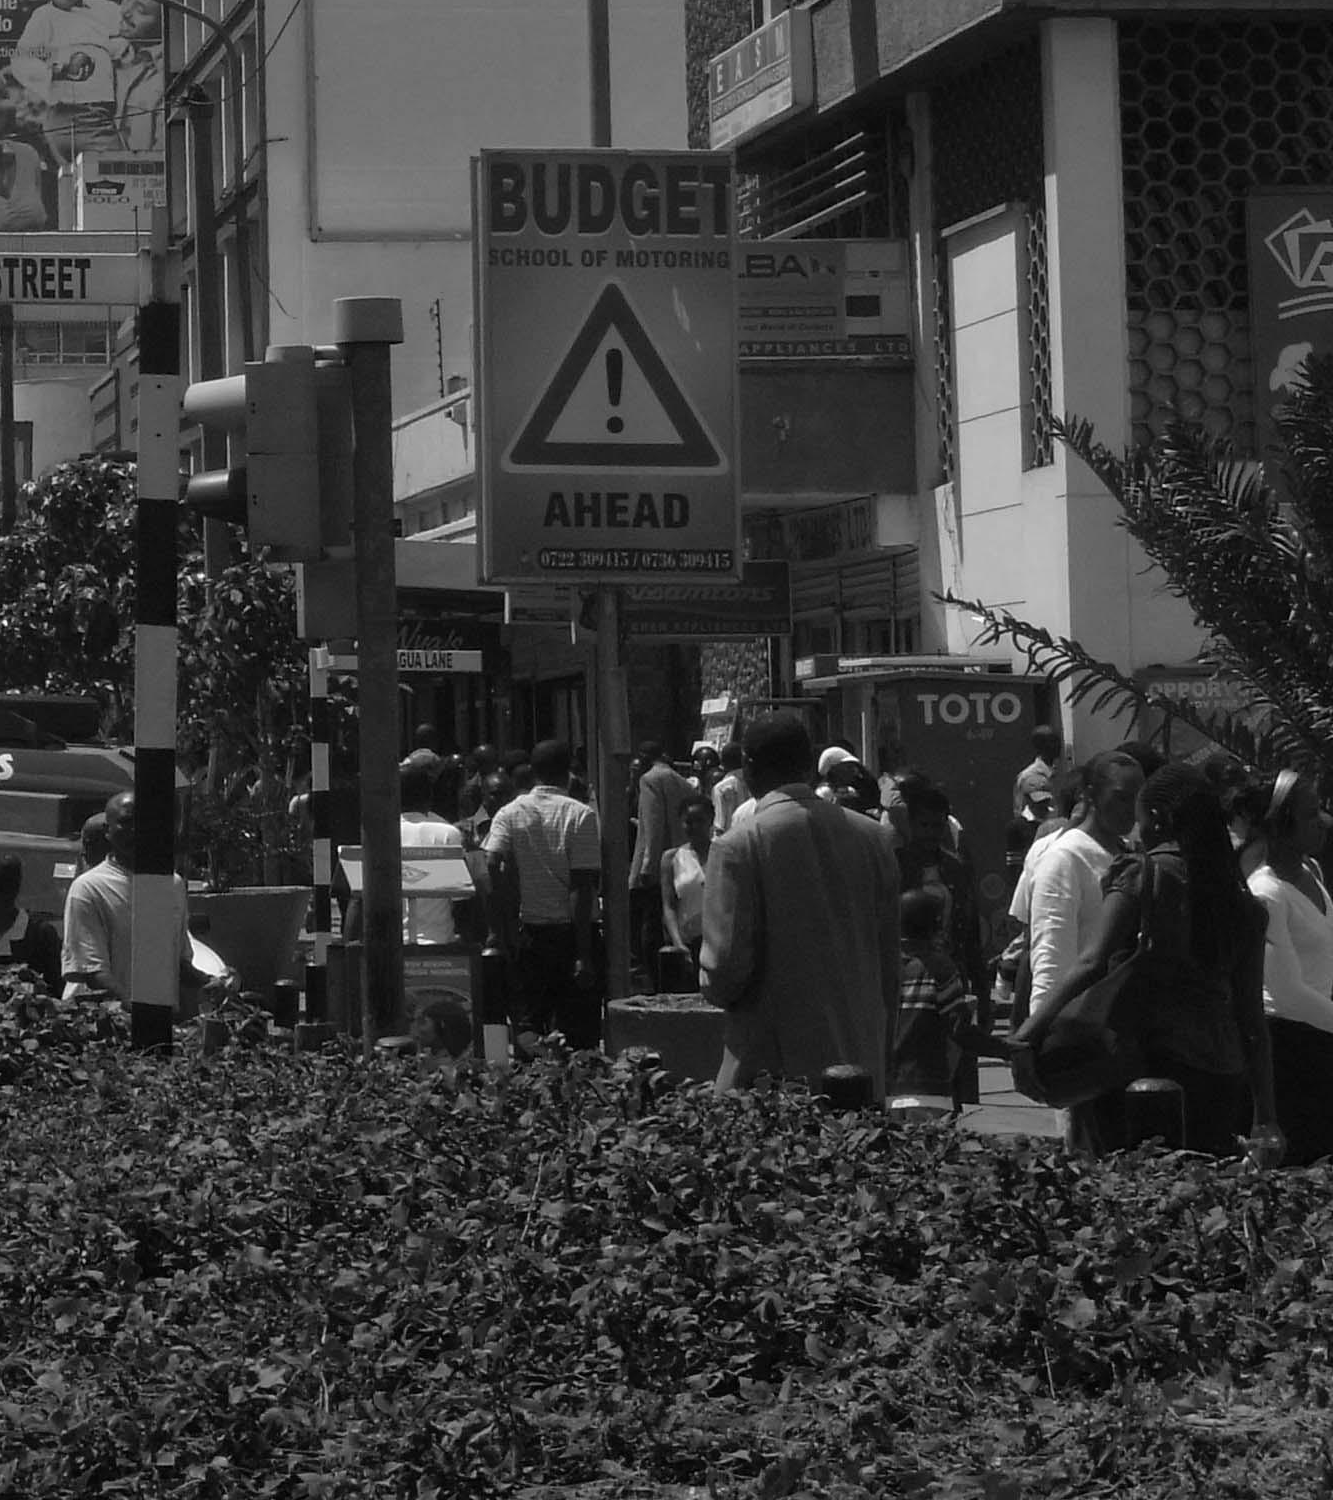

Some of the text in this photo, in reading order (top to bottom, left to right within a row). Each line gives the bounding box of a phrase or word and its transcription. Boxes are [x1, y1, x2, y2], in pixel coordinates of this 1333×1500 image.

[490, 162, 730, 236] BUDGET
[489, 249, 730, 269] SCHOOL OF MOTORING
[543, 492, 690, 529] AHEAD
[540, 552, 575, 568] 0722
[632, 552, 639, 569] /
[399, 651, 453, 669] GUA LANE
[916, 691, 1022, 725] TOTO
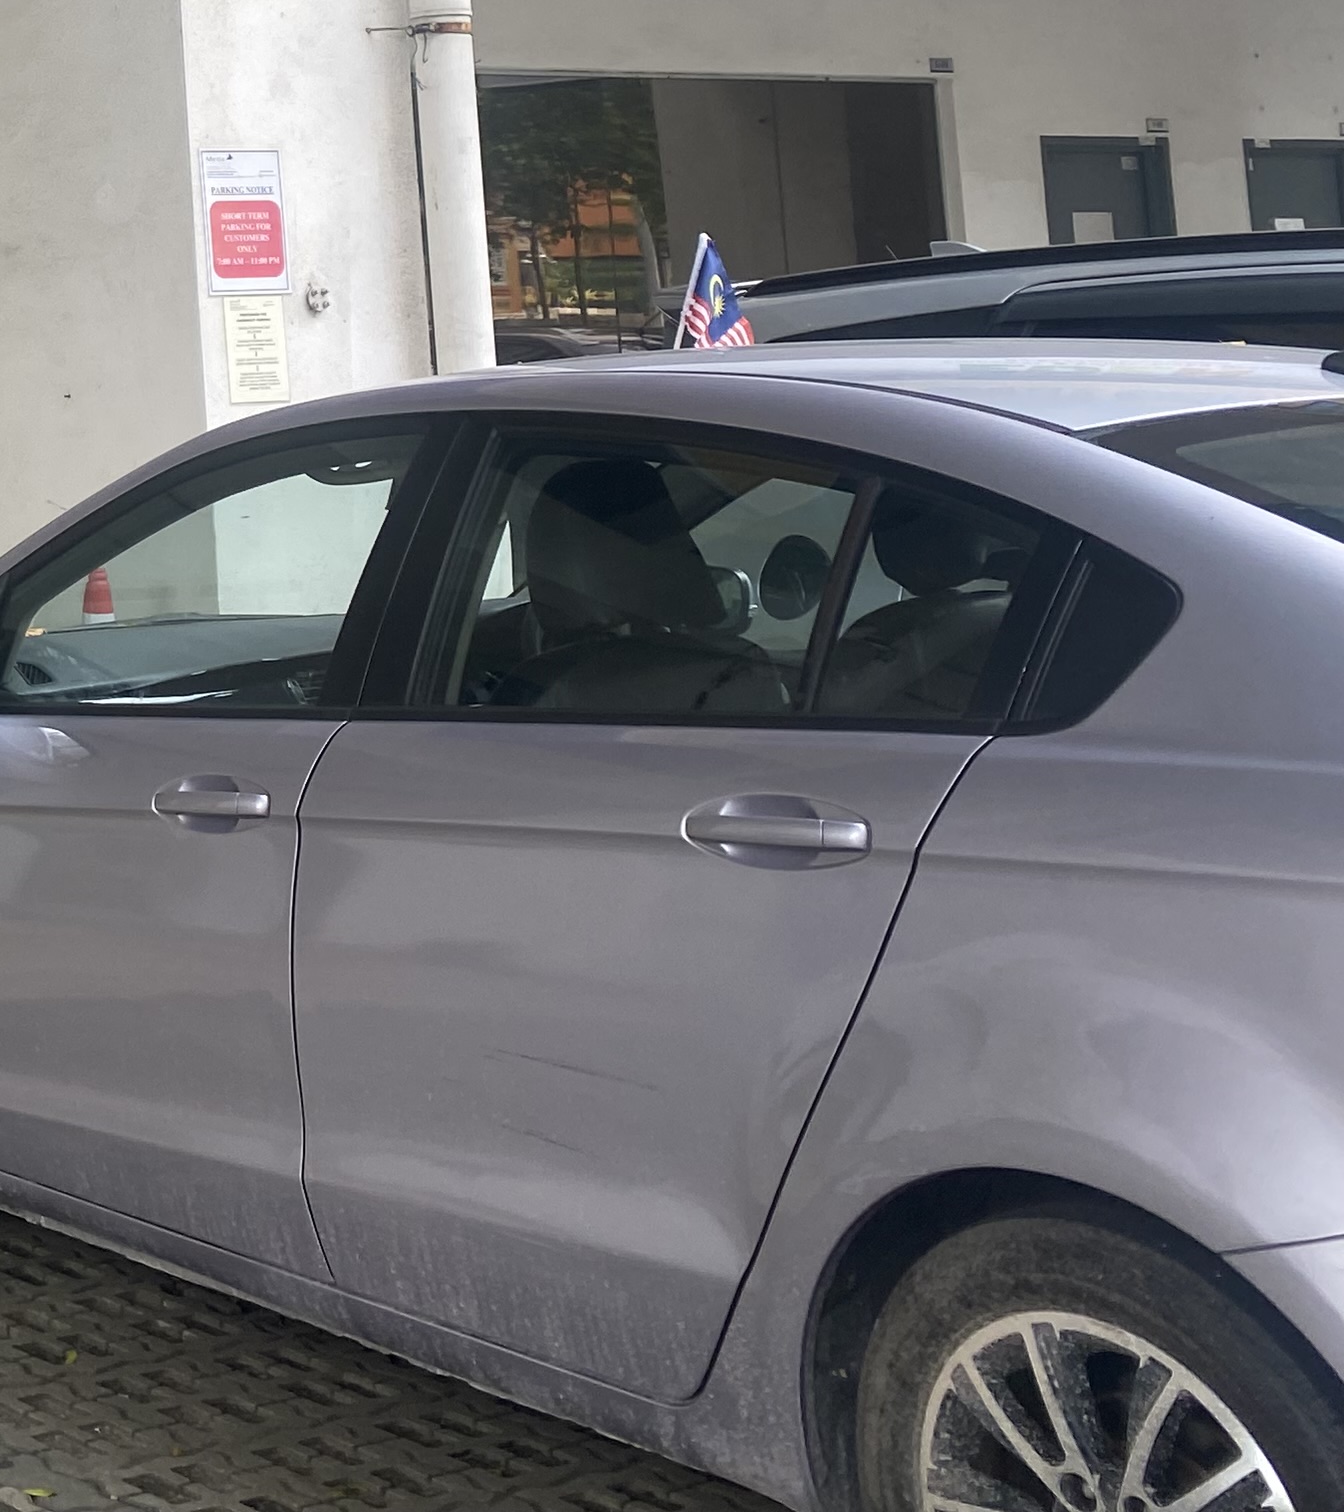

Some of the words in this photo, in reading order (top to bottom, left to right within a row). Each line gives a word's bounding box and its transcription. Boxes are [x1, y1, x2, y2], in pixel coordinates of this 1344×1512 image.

****************************************

YOUR ASSIGNMENT → Give back the whole listing exactly as it stands. Drop every picture.

SOLVED PROBLEM →
Some of the text in this photo, in reading order (top to bottom, left to right within a row). Each line gives the bounding box of a phrase or word and its transcription. Boxes are [x1, y1, x2, y2], in pixel coordinates of this 1333×1500 image.

[490, 162, 730, 236] BUDGET
[489, 249, 730, 269] SCHOOL OF MOTORING
[543, 492, 690, 529] AHEAD
[540, 552, 575, 568] 0722
[632, 552, 639, 569] /
[399, 651, 453, 669] GUA LANE
[916, 691, 1022, 725] TOTO

Some of the words in this photo, in reading order (top to bottom, left to right within a row). Each line gives a word's bounding box and its transcription. Boxes are [x1, y1, x2, y2], in pixel coordinates of this 1344×1512 image.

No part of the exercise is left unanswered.